The governments of Massachusetts and New Haven "never absolutely merged church and state." The franchise depended on church-membership, but the voter, exercising his right in directing the affairs of the colony, was speaking, "not as the church but as the civil Court of Legislation and adjudication." -- W. Walker, History of the Congregational Churches, p.123.

Yet it was due to this merging and this dependence that on October 25, 1639, there were only sixteen free burgesses or voters out of one hundred and forty-four planters in the New Haven Colony. -- See N. H. Col. Rec. i, 20.

"Theoretically Church and State (in Connecticut) were separated: practically they were so interwoven that separation would have meant the severance of soul and body." -- C. M. Andrews, Three River Towns of Conn. p.22.

[c] To John Cotton's "democracy, I do not conceive that ever God did ordain, as a fit government for church or commonwealth," and to Gov. Winthrop's objections to committing matters to the judgment of the body of the people because "safety lies in the councils of the best part which is always the least, and of the best part, the wiser is always the lesser," Hooker replied that "in all matters which concern the common good, a general council, chosen by all, to transact the business which concerns all, I conceive under favor, most suitable to rule and most safe for the relief of the whole." -- Hutchinson, Hist. of Mass. i, App. iii.

[d] (1) To adjust a difference between Governor Winthrop and Deputy Dudley in 1632; (2) about building a fort at Nantasket, February, 1632; (3) in regard to the settlement of the Rev.

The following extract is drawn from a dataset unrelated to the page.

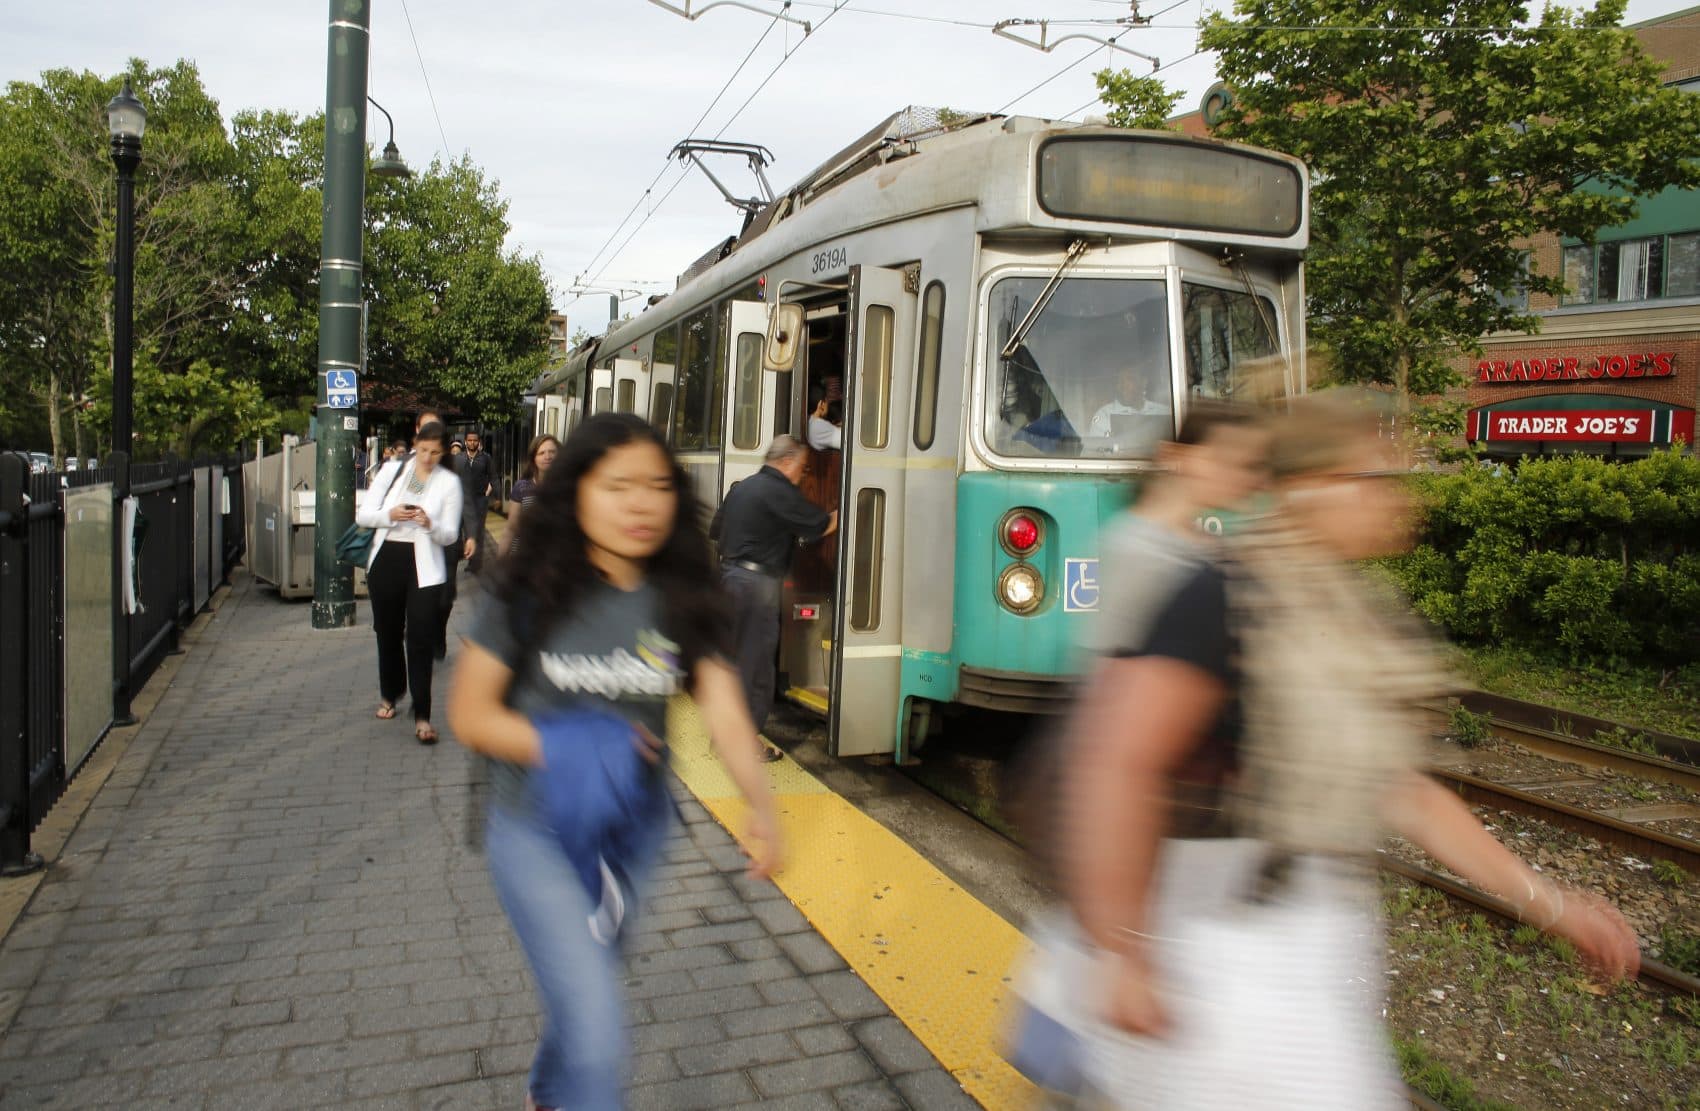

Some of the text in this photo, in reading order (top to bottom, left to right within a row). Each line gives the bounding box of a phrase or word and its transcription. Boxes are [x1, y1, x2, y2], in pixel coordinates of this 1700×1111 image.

[812, 247, 847, 274] 3619A
[1478, 352, 1674, 382] TRADER JOE'S
[1498, 416, 1640, 434] TRADER JOE'S

John Cotton, September, 1633; (4) in consultation concerning Roger Williams's denial of the patent, January, 1634; (5) concerning rights of trade at Kennebec, July, 1634; (6) in regard to the fort on Castle Island, August, 1634; (7) concerning the rumor in 1635 of the coming of a Governor-General; and (8) in the case of Mr. Nowell. -- Winthrop, i, pp.89, 99, 112, 122, 136-137, 159-181.

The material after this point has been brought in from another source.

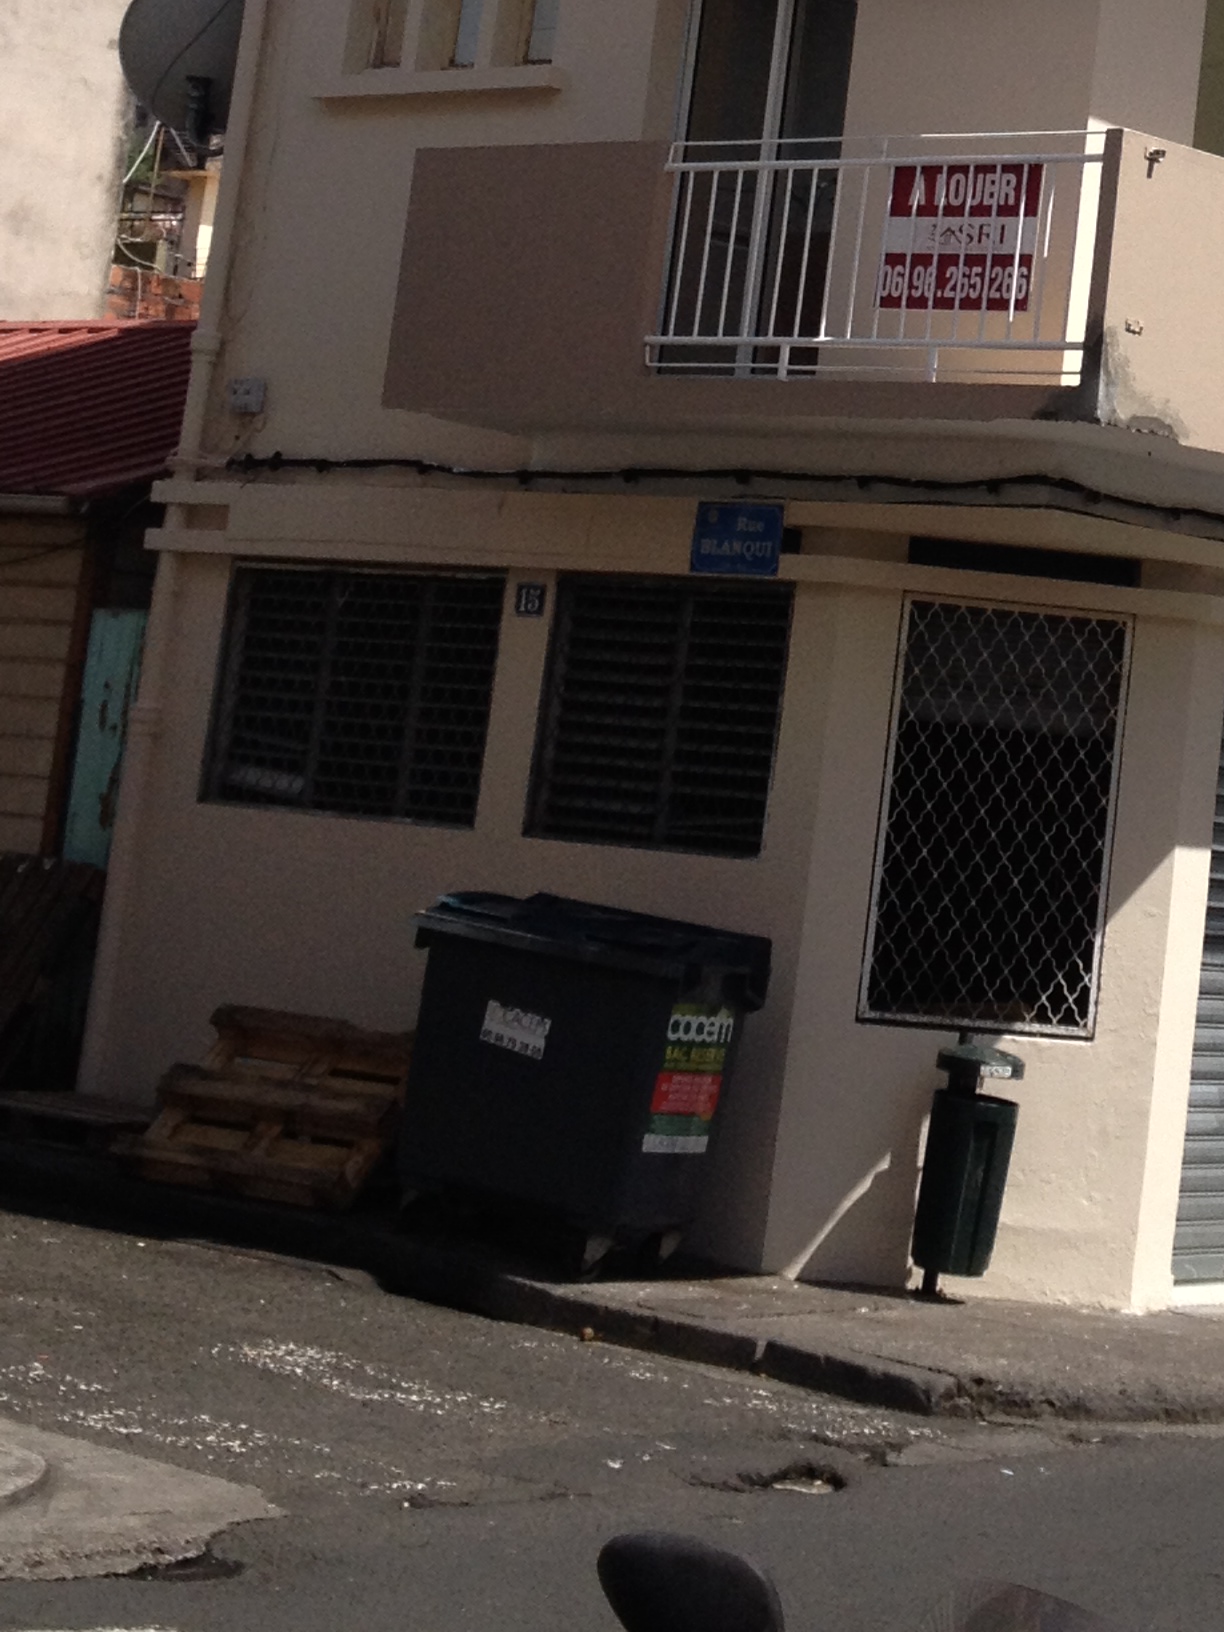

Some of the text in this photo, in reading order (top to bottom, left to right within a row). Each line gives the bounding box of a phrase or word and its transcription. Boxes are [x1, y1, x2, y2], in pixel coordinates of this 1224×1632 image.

[e] Roger Williams was the real author of the letters which the Salem church was required to disclaim.

[f] Upon a further suggestion from the General Court, John Cotton prepared a catechism entitled, Milk for Babes.

[g] Governor Winthrop replied to Dr. Skelton's objections that "no church or person could have authority over another church." -- See H. M. Dexter, Ecclesiastical Councils of New England, p.31; Winthrop, i. p.139.

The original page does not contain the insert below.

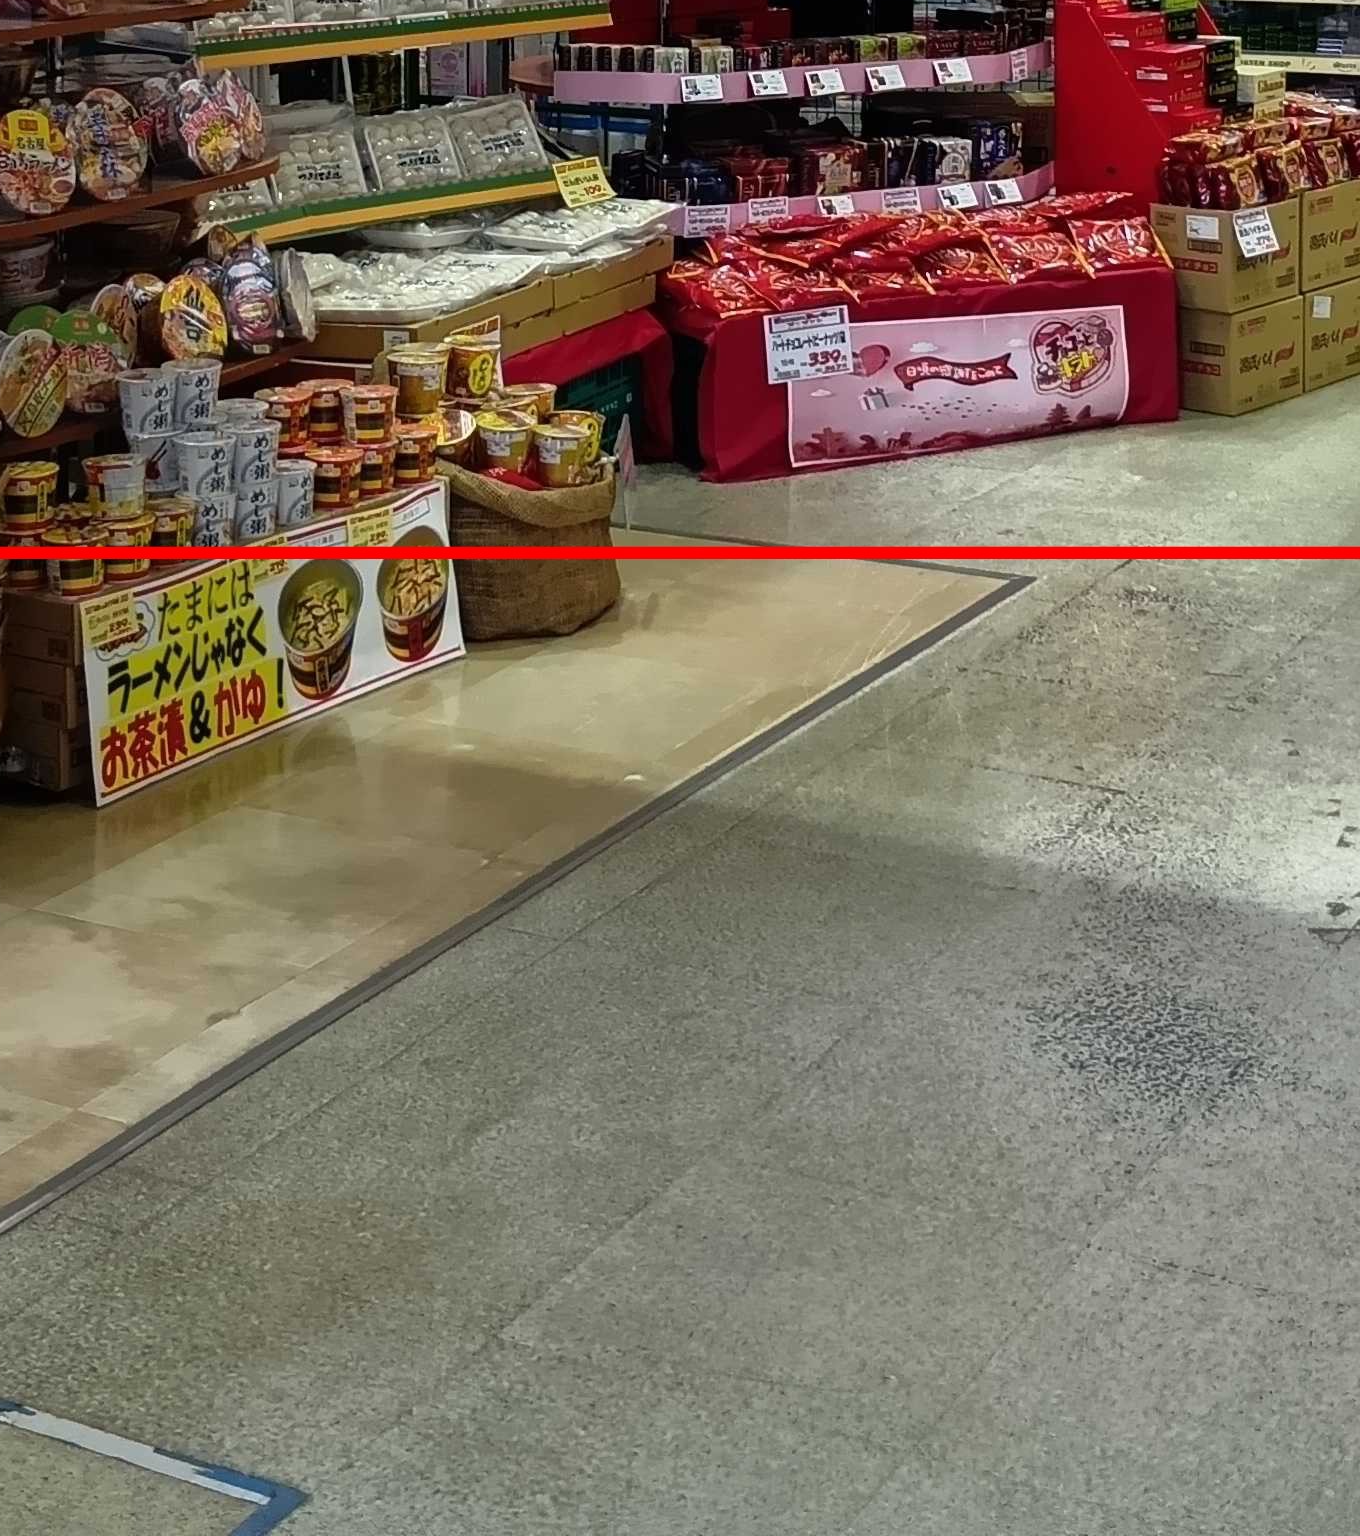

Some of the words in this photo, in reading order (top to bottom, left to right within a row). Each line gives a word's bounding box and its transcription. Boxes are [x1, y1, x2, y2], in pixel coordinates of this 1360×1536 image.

[h] Guilford, Branford, Milford, Stamford, on the mainland, and Southold, on Long Island.

[i] The General Court was head of the churches. "It was more than Pope, or Pope and College of Cardinals, for it exercised all authority, civil and ecclesiastical. In matters of discipline, faith, and practice there was no appeal from its decisions. Except the right to be protected in their orthodoxy the churches had no privileges which the Court did not confer, or could not take away." -- Bronson's Early Gov't. in Conn. p. 347, in
N. H. Hist. Soc. Papers, vol. iii.

[j] On August 18, 1658, the court refused, upon complaint of the Wethersfield church, to remove Mr. Russell. In March, 1661, after duly considering the matter, the court allowed Mr. Stow to sever his connection with the church of Middletown. It concerned itself with the strife in the Windsor church over an assistant pastor from 1667 to 1680. It allowed the settlement of Woodbury in 1672 because of dissatisfaction with the Stratford church. It permitted Stratford to divide in 1669. These are but a few instances both of the authority of the General Court over individual churches and of that discord which, finding its strongest expression in the troubles of the Hartford church, not only rent the churches of Connecticut from 1650 to 1670, but "insinuated itself into all the affairs of the society, towns, and the whole community." Another illustration of the court's oversight of the purity of religion was its investigation in 1670 into the "soundness of the minister at Rye." For these and hosts of similar examples see index Conn. Col. Rec. vols. i, ii, iii, and iv.